- _Exercise objective_: Could you return, exactly as written, only the lines from the one holding "this 1659×2212 image." through the final line of the records below?

*** Opening of Data records ***

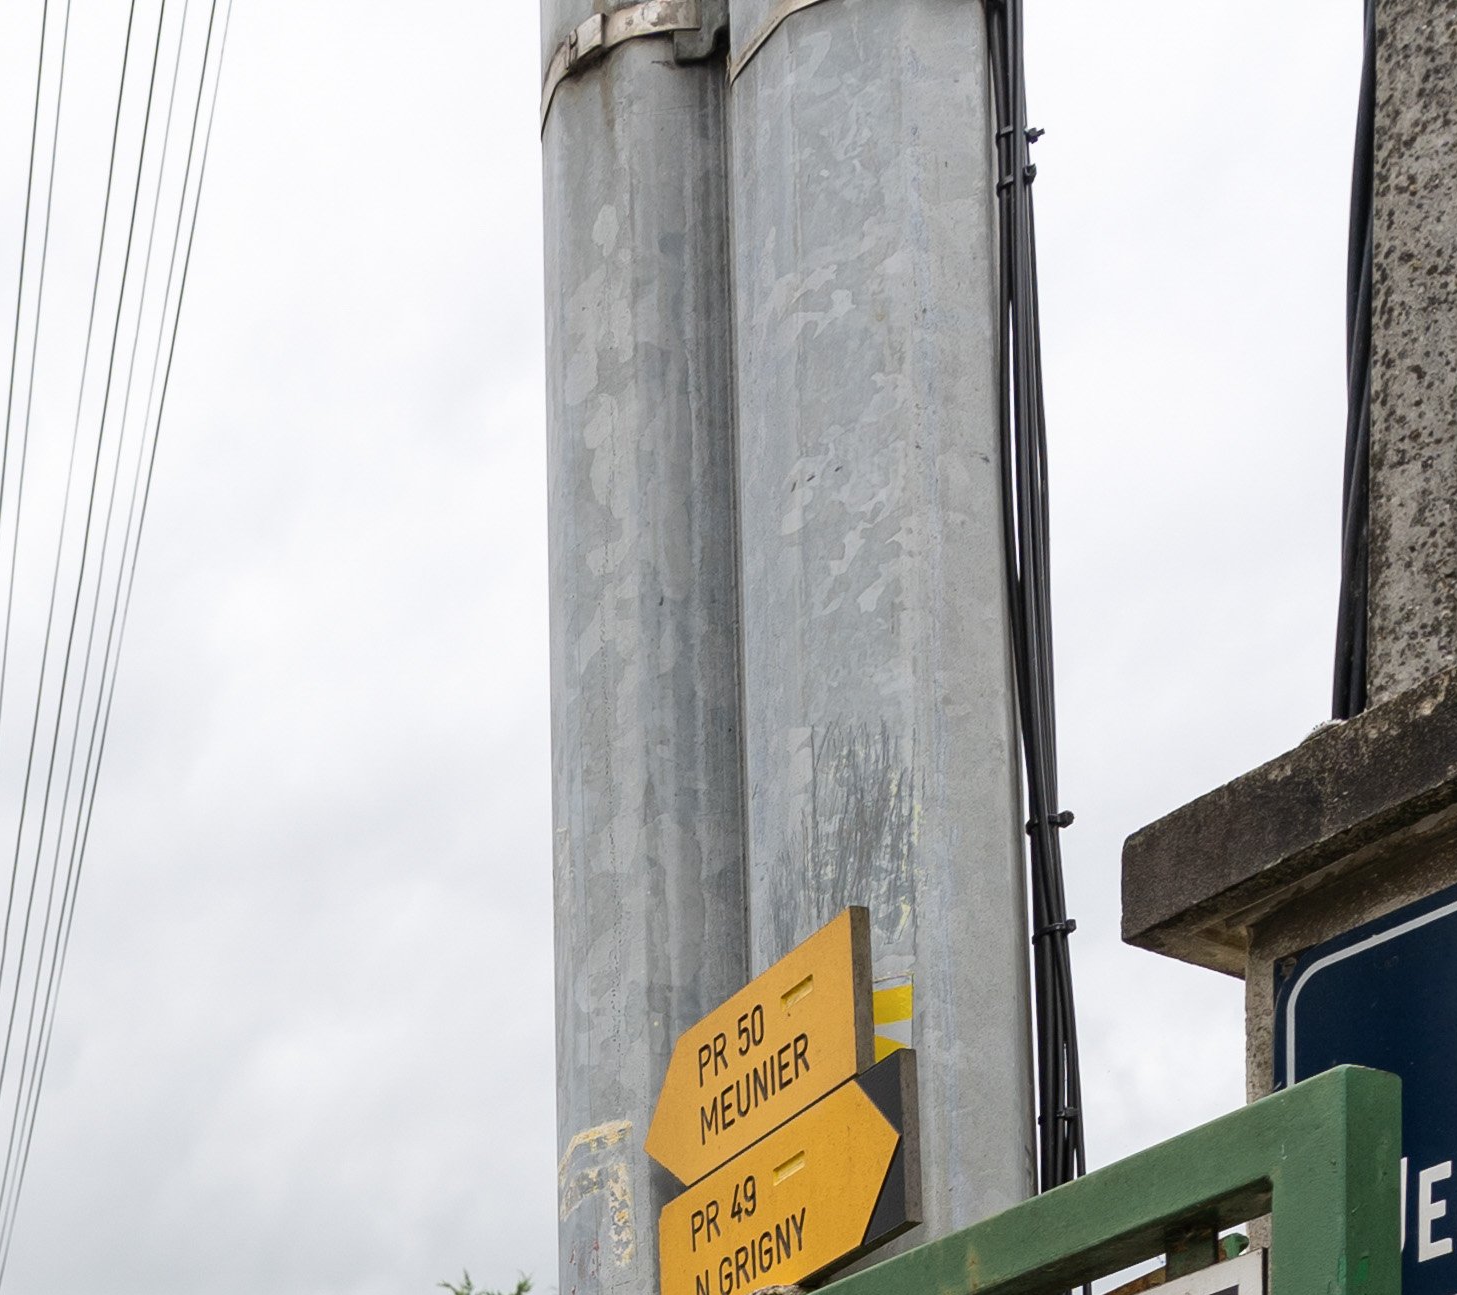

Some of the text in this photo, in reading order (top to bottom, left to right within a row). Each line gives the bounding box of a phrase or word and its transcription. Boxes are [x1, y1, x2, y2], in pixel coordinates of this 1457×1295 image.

[699, 1005, 764, 1087] PR 50
[701, 1033, 809, 1145] MEUNIER
[692, 1176, 756, 1252] PR 49
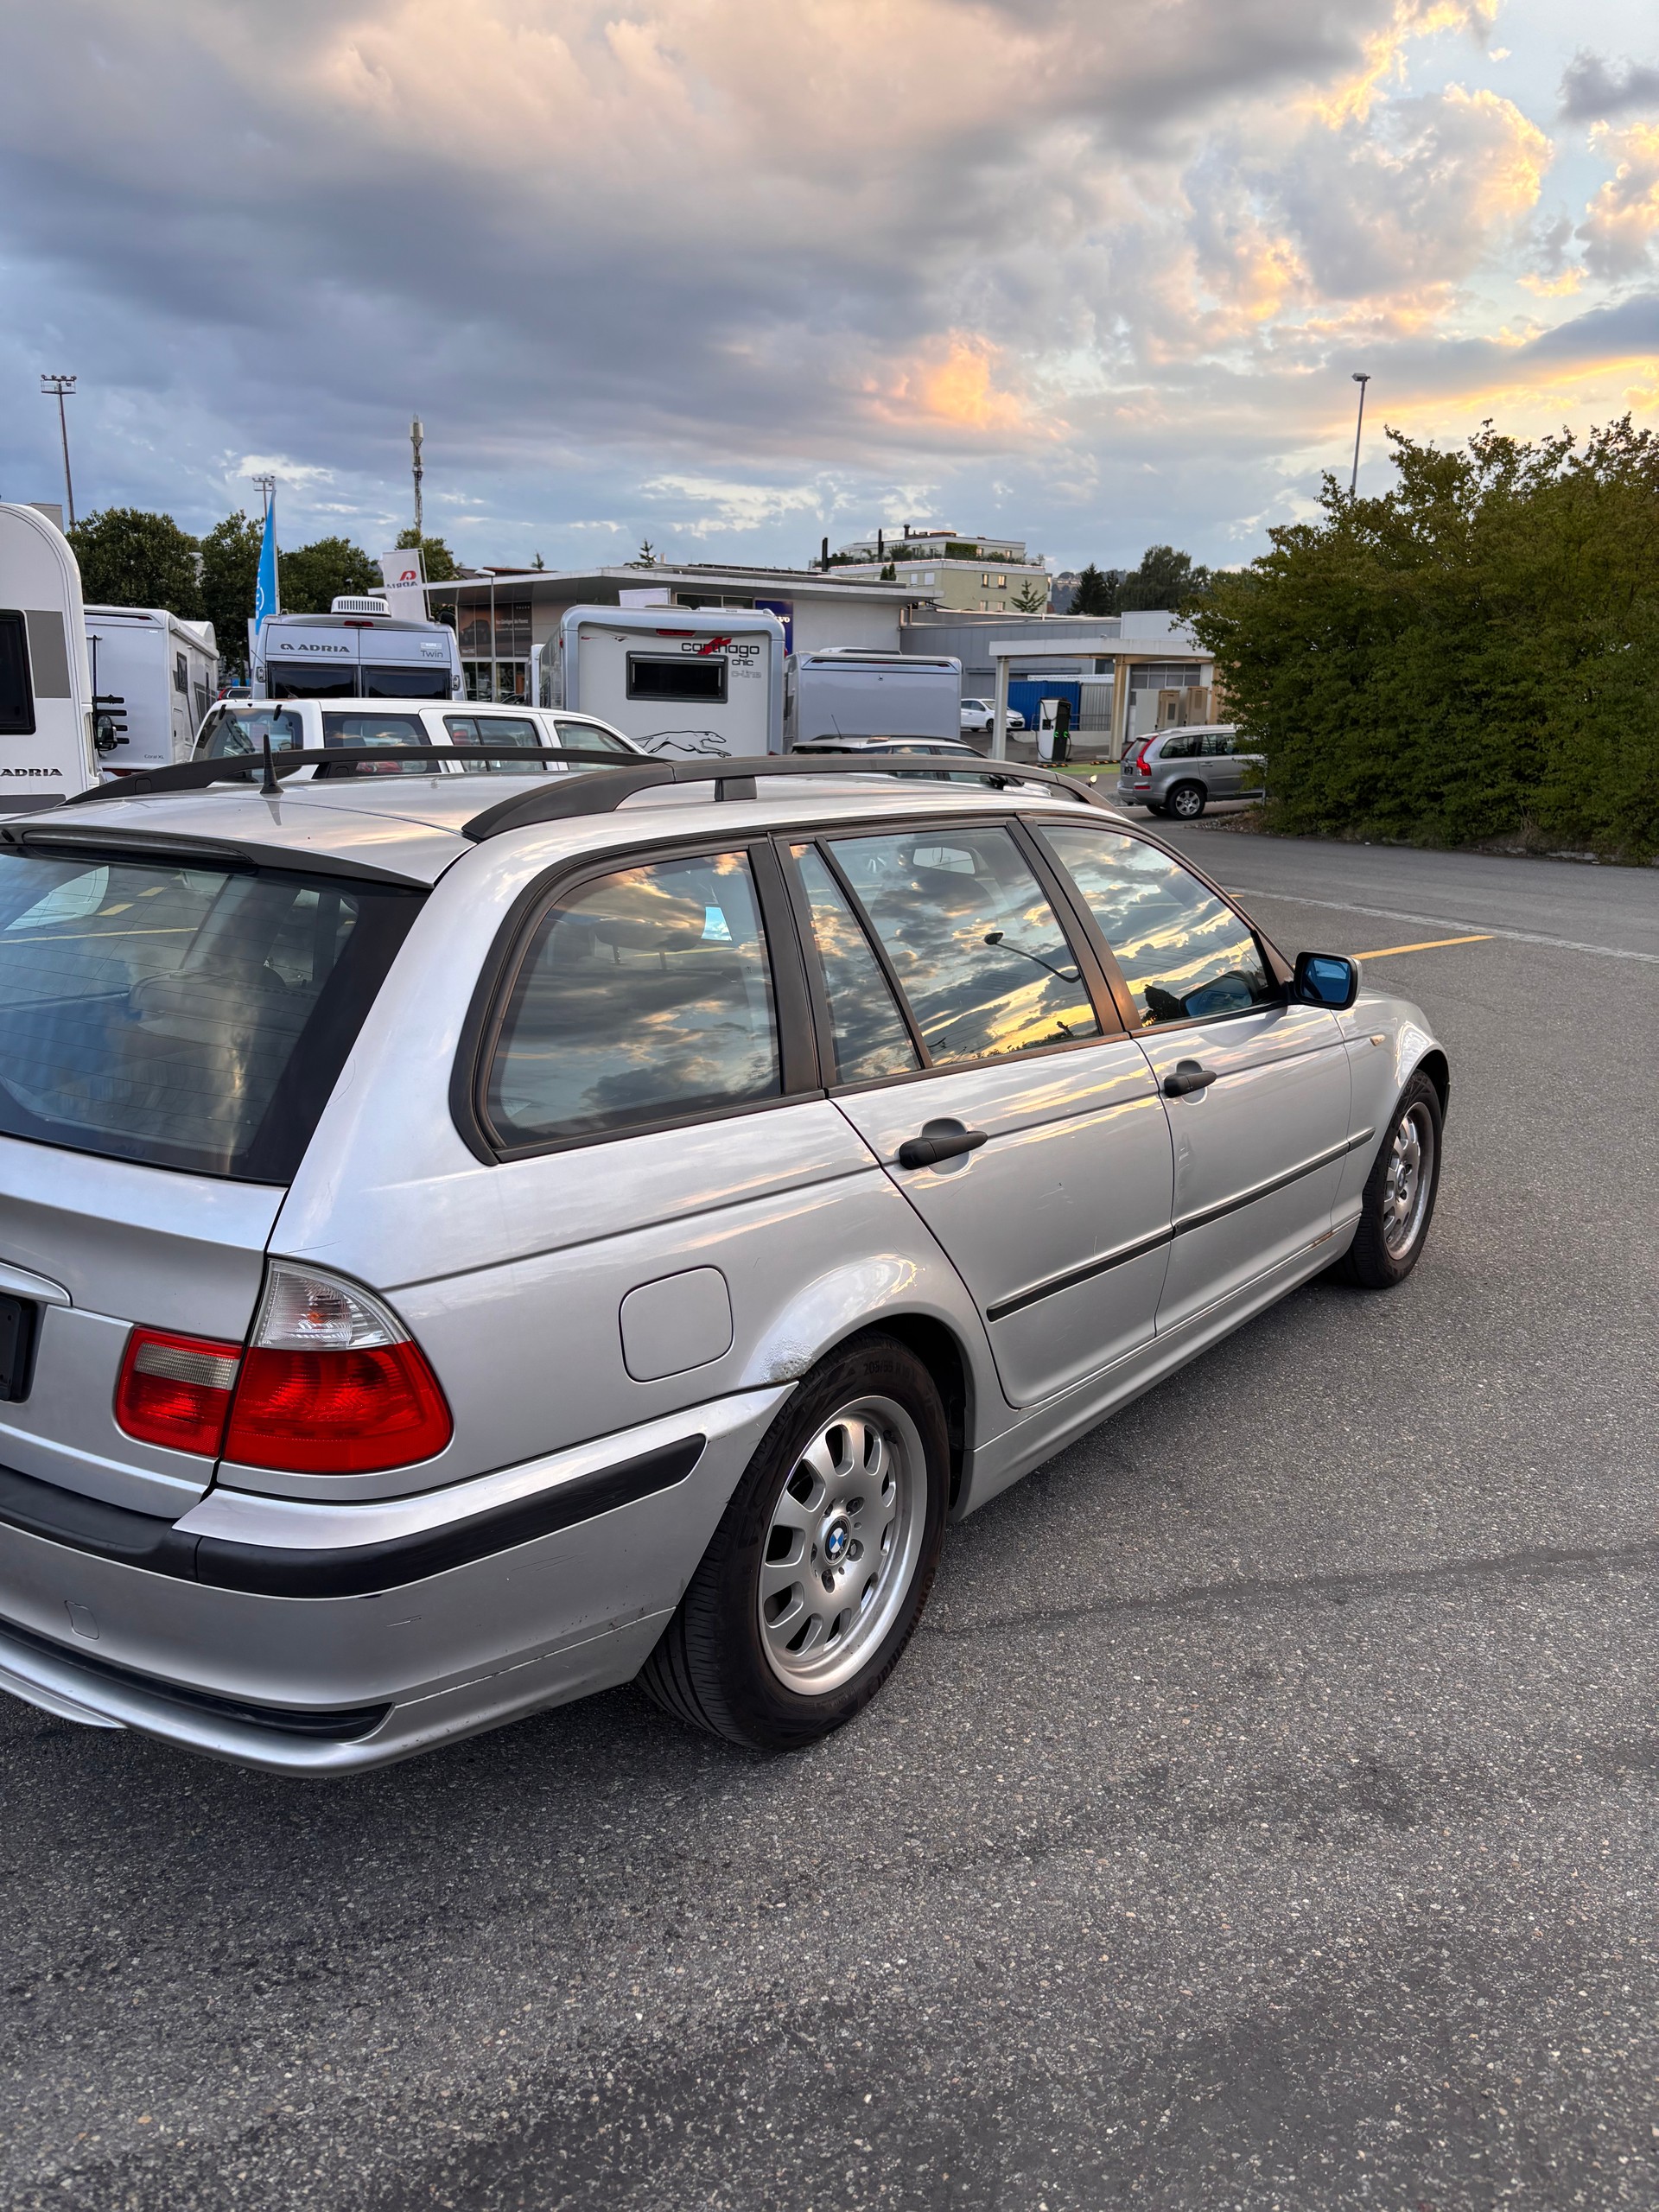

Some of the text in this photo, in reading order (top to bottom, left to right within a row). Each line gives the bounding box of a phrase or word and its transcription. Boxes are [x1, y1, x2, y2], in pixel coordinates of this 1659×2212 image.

[297, 643, 350, 652] ADRIA
[681, 642, 760, 658] carthago
[0, 768, 63, 777] ADRIA

*** Close of Data records ***

- _Solution to the exercise_:
Some of the text in this photo, in reading order (top to bottom, left to right within a row). Each line gives the bounding box of a phrase or word and its transcription. Boxes are [x1, y1, x2, y2], in pixel coordinates of this 1659×2212 image.

[297, 643, 350, 652] ADRIA
[681, 642, 760, 658] carthago
[0, 768, 63, 777] ADRIA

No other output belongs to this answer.